Because I am pretty sure there are rumors (and in some cases more than rumors) of SEC investigations into every major studio, none of which has ever been discussed on these (or any other) Home Theater forum.

Really?

Please, let me know what the rumors and investigations are for the studios and how that compares to exactly what the SEC is investigating at Netflix.

Links and supporting docs please.

Now Ray, :hithere: You know it only should be discussed if it conforms with ones own staunch ideological views and other opinions and comment are to be tossed aside as poppycock.

Its not all purple bunnies and unicorns in Netflixland.

Obviously SEC has some issues with Netflix. That in and of itself is newsworthy.

My assertion is that this is speculation inside a rumor and that SEC investigations are generally not news unless the investigated topic is of something material.


Indeed this case is being pimped, including by Home Media Magazine and on at least two discussion forums, despite the fact that at least two majors currently are under "undisclosed SEC investigation" and have never been put forth as 'news' - certainly not by Home Media Magazine.

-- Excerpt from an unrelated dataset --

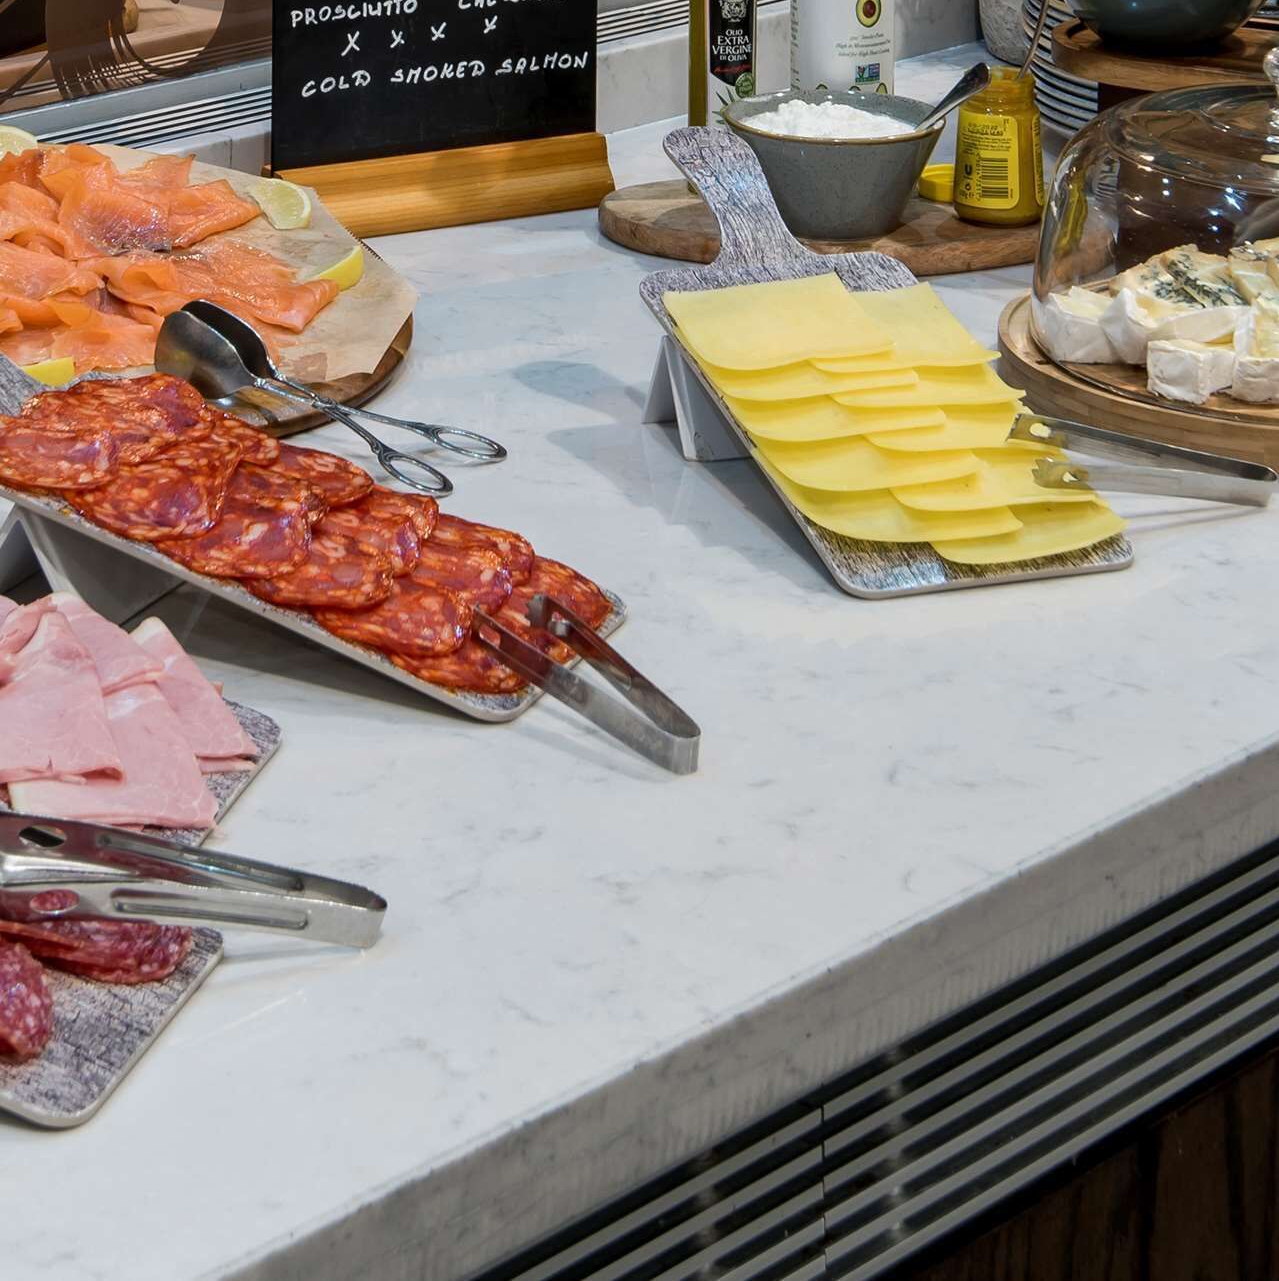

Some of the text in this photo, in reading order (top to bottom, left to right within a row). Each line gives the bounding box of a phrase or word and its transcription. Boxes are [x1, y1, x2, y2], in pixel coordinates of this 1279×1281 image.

And the reason they are generally not put out as news is because there is nothing to report until some actual news about what is being investigated is known. Otherwise, it is rumor inside of speculation on a topic that generally has to do with the SEC getting clarification on HOW reporting is done.



The fact that it is coming up and being pushed is what is interesting to me. Meanwhile, just about every major studio is either involved (or was recently involved) in SEC investigations that have never been published or discussed on these forums.

Granted, once Cinram (via Home Media Magazine) published it I could have guessed you would be pimping the story and hard.

That is really the sort of activity I am pointing out. Basically people fishing for anything negative about streaming, even in the case like this where there is absolutely nothing to discuss since it is not clear if there is an active investigation happening and absolutely zero idea what it is about.


When Home Media Magazine and its PR team start reporting on other undisclosed SEC investigations on companies in the Home Media chain, including studios who have been involved in investigations including being advised to change how they report their income, then I will take this as just normal reporting.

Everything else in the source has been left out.